I am in Martinique. The vendors by the ship have Euro-American monetary conversion charts and are willing to talk and do business. I try to speak a bit of French though I can’t speak French and it does me well because they can see I am making an effort. But inside further, say, twenty minutes in where there is another marketplace, it is not the same. No American money accepted, which I was told in the day everyone in the world accepted. This is not true though. And nobody will talk. I take a photo of a beautiful orange on a fruit stand. But the lady comes around and begins yelling at me in French. I can’t understand what she is saying, but you don’t need to speak any human language at all to know she is angry. I let her finish and I leave. I would guess she was saying it’s not a side show, an entertainment, but she has me all wrong, for I am not some entitled tourist seeing myself as above, but really admiring the fruit stand from an honest and aesthetic paradigm, from if anywhere, below. People are people though, no matter where you go and what you know.

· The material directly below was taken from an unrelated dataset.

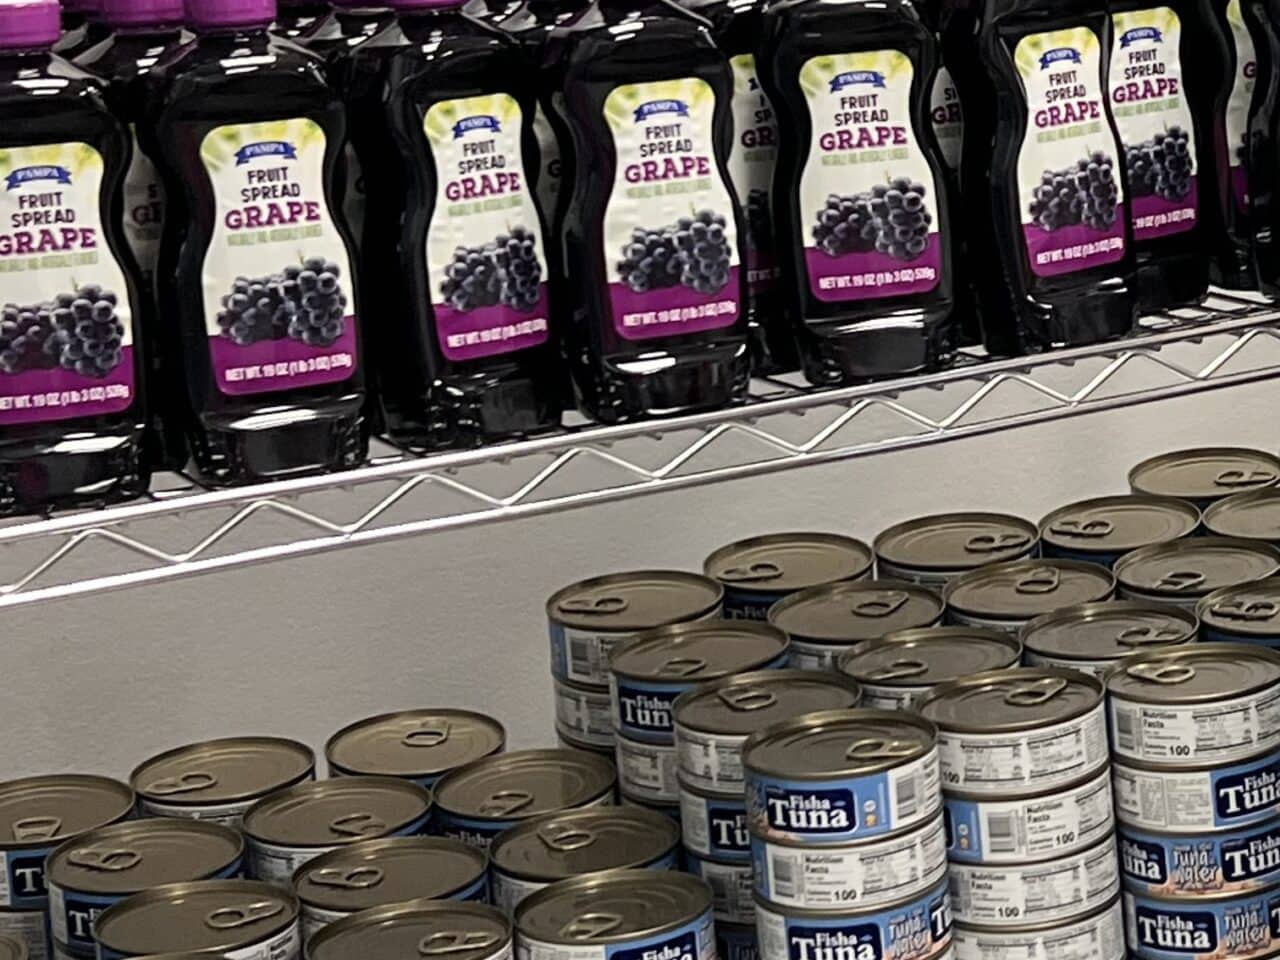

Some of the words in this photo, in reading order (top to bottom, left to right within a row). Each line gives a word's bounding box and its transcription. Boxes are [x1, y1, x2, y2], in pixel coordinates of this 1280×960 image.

Some souls light and easy going, others cynical and upset.
Sometimes you never know.
Until you do.
The other thing I saw was not extraordinary or interesting. It was just a person walking alone and struggling in the morning heat of day. I could see and sense this. I felt empathy. I felt bad. It reminded me of a true story where the woman who U.G. Krishnamurti travelled with fell down a hill and hurt her leg. He didn’t get up. The other people asked him what kind of person he was, to not assist, and just sit there while his travelling companion was injured. He said they had no idea, and pulled up his pant leg to show them that his empathy was not a sentiment or new age belief, but biological and physical, and he had at that moment the exact same cut and bruise she had gotten in the fall. I felt something like this for the walking person. I went on.
Even like that, you can’t save the world, heck; you can hardly save yourself most days.
Brian Michael Barbeito is a Canadian poet, writer, and photographer. Recent work appears at The Notre Dame Review.